• Aim of the exercise: The answer is the data below, repeated exactly, with no pictures included.

━━━ Given information ━━━

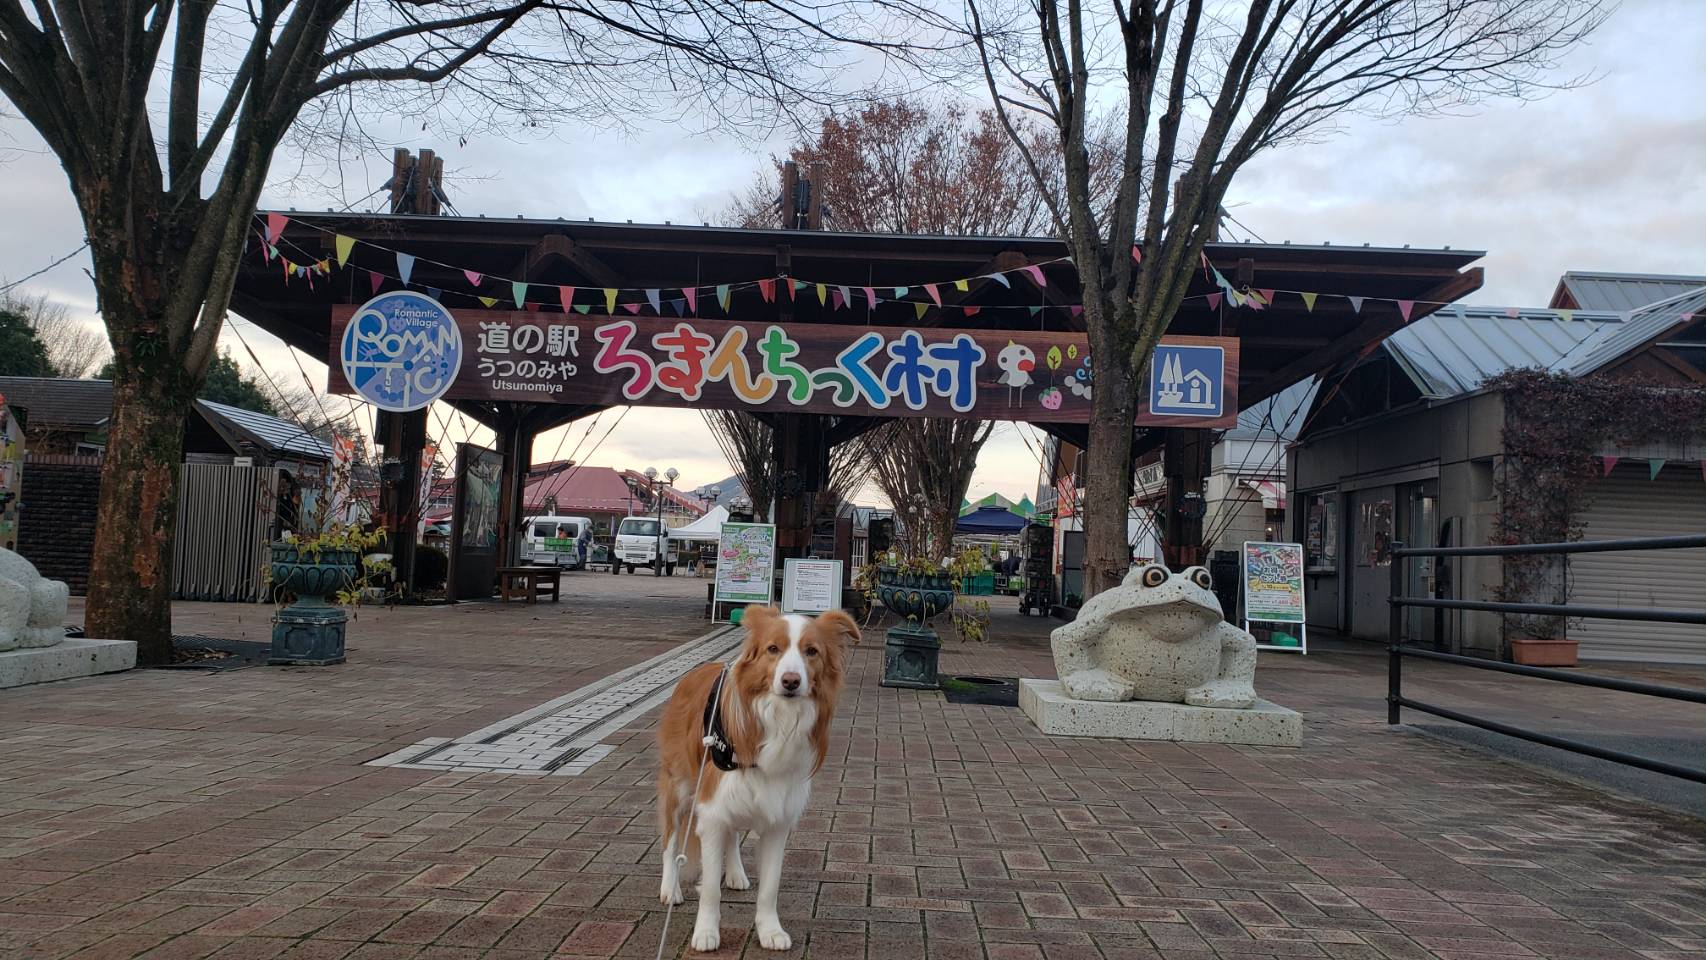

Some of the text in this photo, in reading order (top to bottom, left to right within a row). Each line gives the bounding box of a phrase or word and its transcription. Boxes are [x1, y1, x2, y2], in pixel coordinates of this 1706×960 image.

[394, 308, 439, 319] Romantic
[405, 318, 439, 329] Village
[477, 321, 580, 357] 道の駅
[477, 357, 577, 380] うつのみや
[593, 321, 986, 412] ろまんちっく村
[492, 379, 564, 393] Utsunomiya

━━━

• Written answer:
Some of the text in this photo, in reading order (top to bottom, left to right within a row). Each line gives the bounding box of a phrase or word and its transcription. Boxes are [x1, y1, x2, y2], in pixel coordinates of this 1706×960 image.

[394, 308, 439, 319] Romantic
[405, 318, 439, 329] Village
[477, 321, 580, 357] 道の駅
[477, 357, 577, 380] うつのみや
[593, 321, 986, 412] ろまんちっく村
[492, 379, 564, 393] Utsunomiya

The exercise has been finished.